Try it: Repeat every line of the listing below exactly, minus the pictures.

□ □ □ □ □ □ □

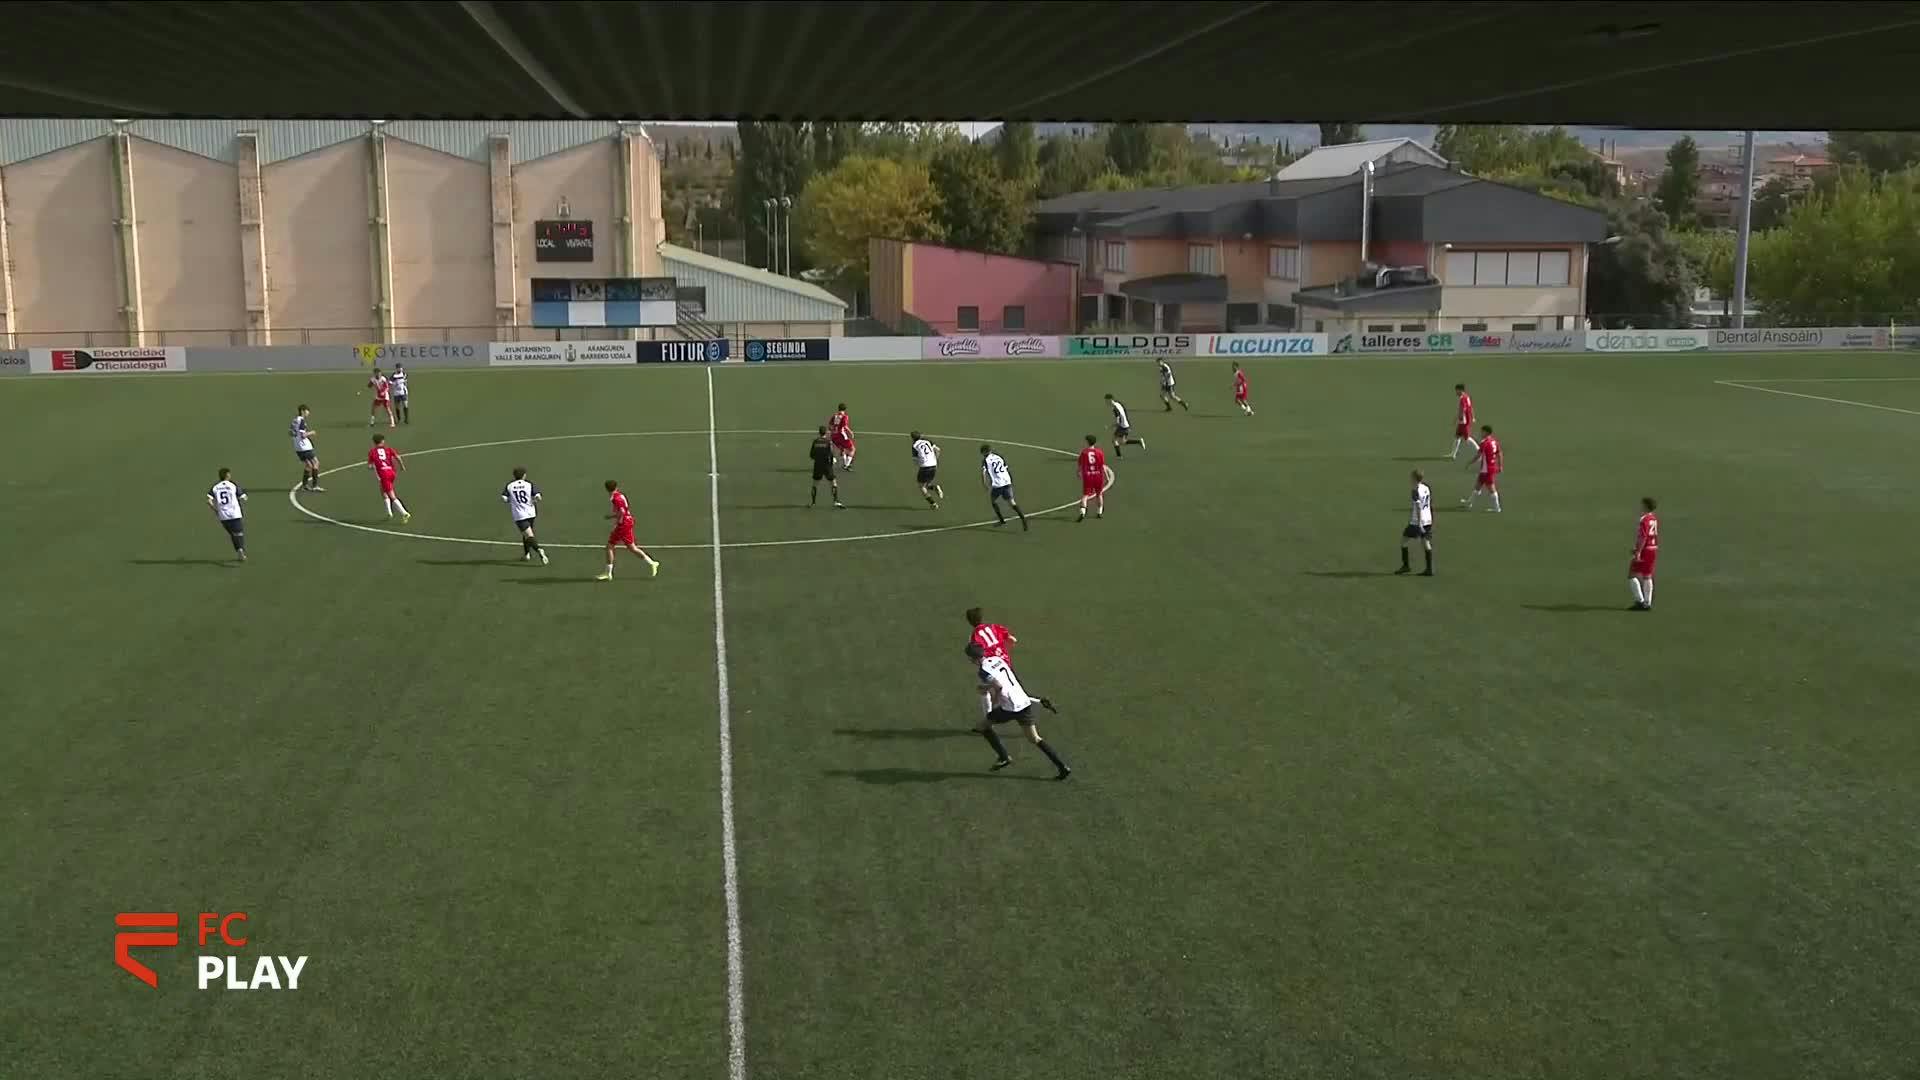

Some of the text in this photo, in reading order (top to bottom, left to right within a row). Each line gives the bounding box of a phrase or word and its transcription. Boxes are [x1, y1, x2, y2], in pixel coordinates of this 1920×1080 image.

[1075, 336, 1190, 349] TOLDOS
[1361, 336, 1421, 348] talleres
[1716, 331, 1761, 343] Dental
[766, 342, 806, 354] SEGUNDA
[1215, 336, 1314, 354] Lacunza
[94, 349, 165, 357] Electricidad
[353, 345, 474, 359] PROYELECTRO
[377, 448, 387, 460] 9
[992, 461, 1005, 474] 22
[220, 491, 229, 505] 5
[513, 490, 528, 504] 18
[979, 626, 999, 647] 11
[1000, 667, 1014, 686] 7
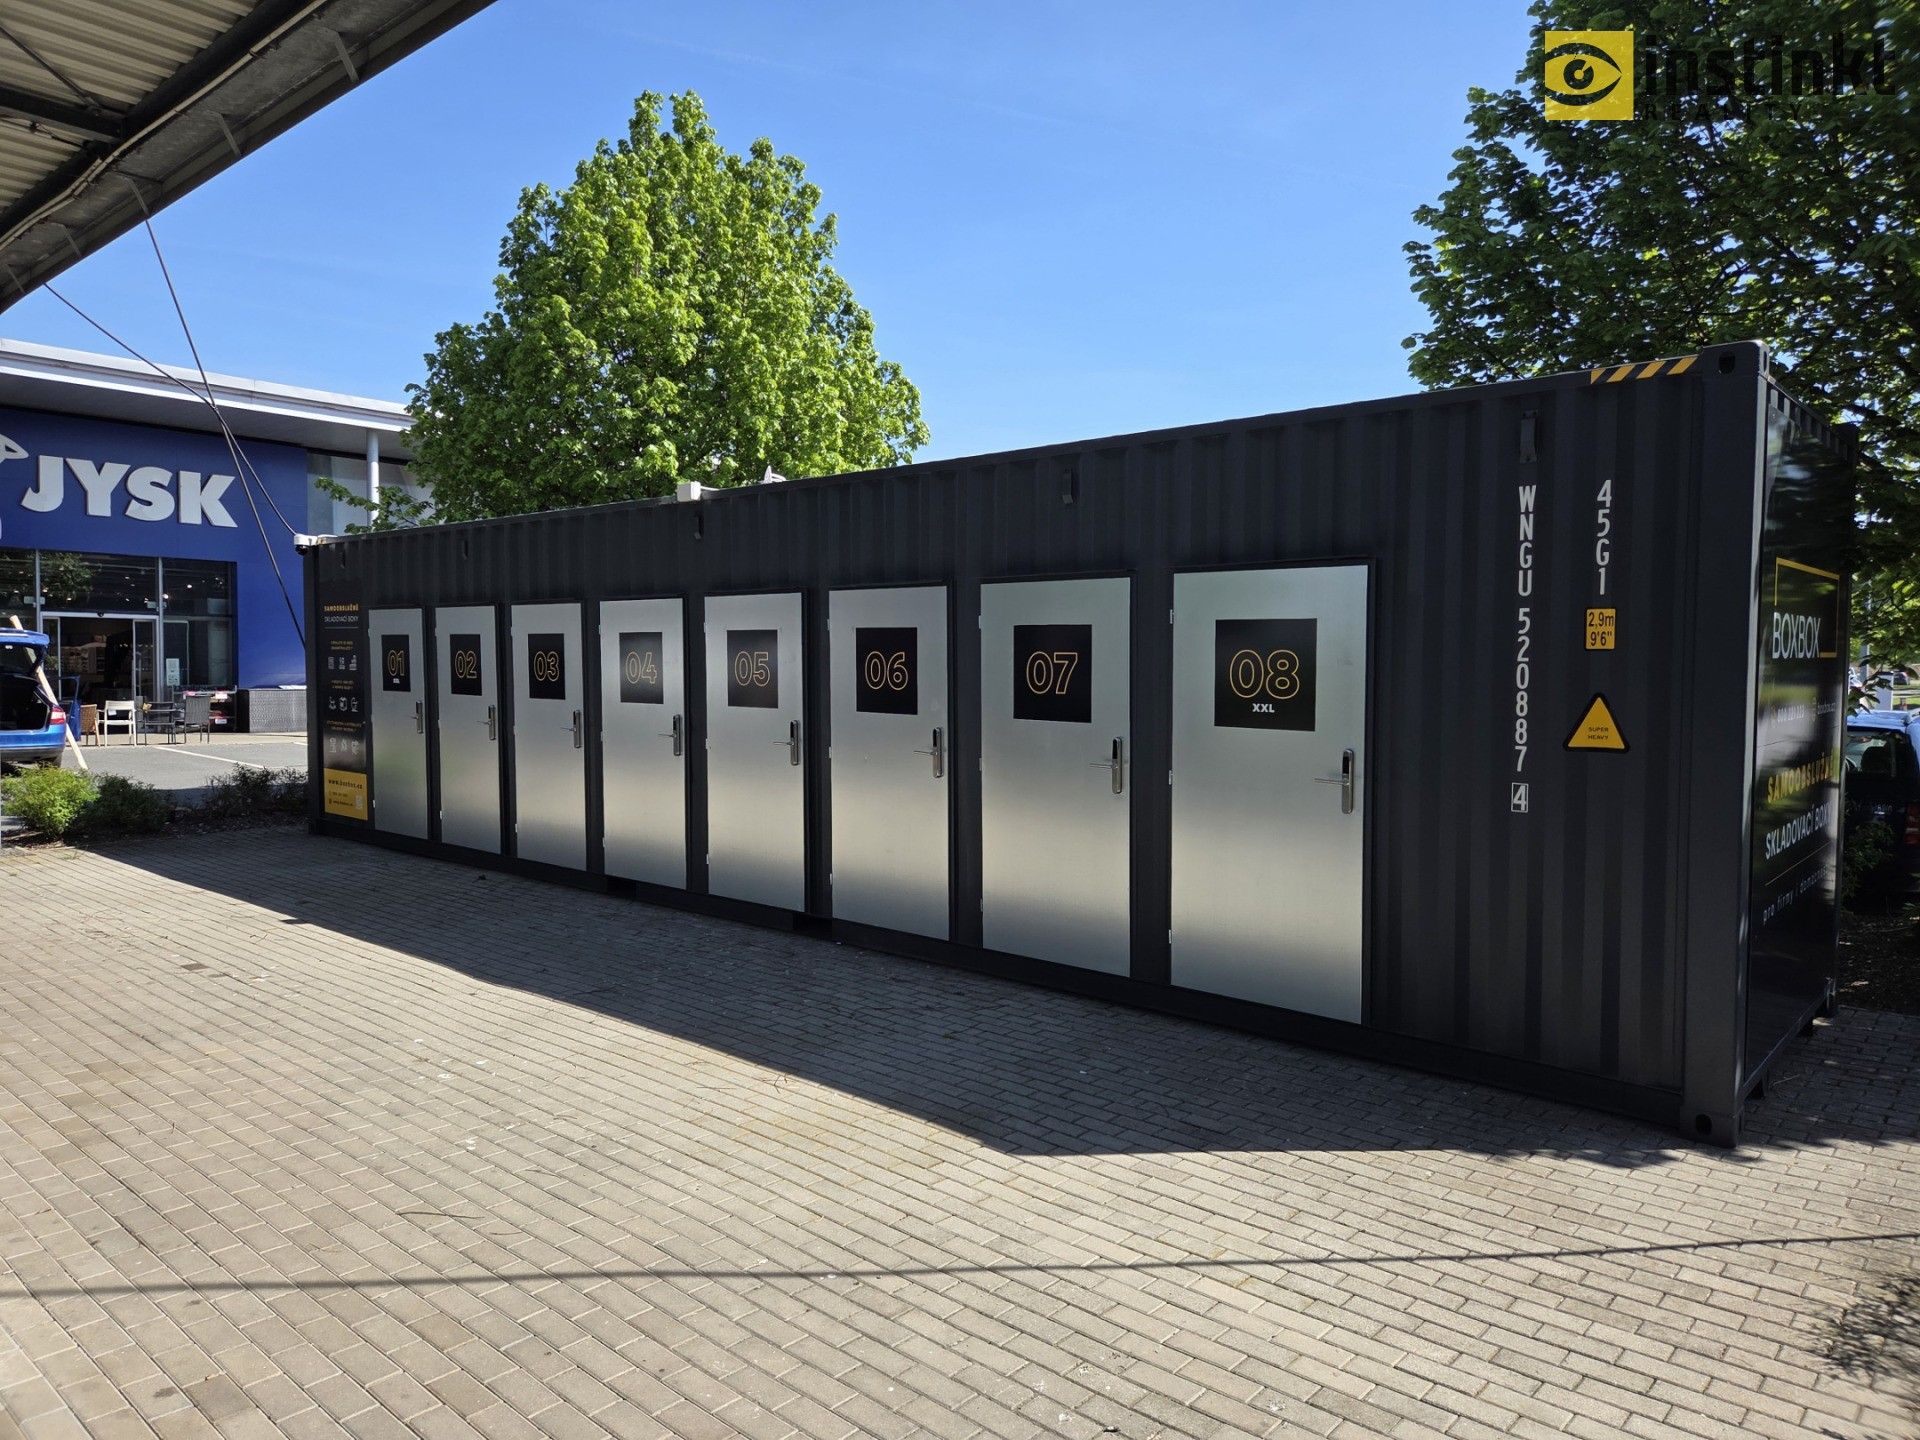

□ □ □ □ □ □ □

Result of the task:
Some of the text in this photo, in reading order (top to bottom, left to right within a row). Each line gives the bounding box of a phrase or word and its transcription. Boxes are [x1, y1, x2, y2], in pixel coordinates of this 1920×1080 image.

[1075, 336, 1190, 349] TOLDOS
[1361, 336, 1421, 348] talleres
[1716, 331, 1761, 343] Dental
[766, 342, 806, 354] SEGUNDA
[1215, 336, 1314, 354] Lacunza
[94, 349, 165, 357] Electricidad
[353, 345, 474, 359] PROYELECTRO
[377, 448, 387, 460] 9
[992, 461, 1005, 474] 22
[220, 491, 229, 505] 5
[513, 490, 528, 504] 18
[979, 626, 999, 647] 11
[1000, 667, 1014, 686] 7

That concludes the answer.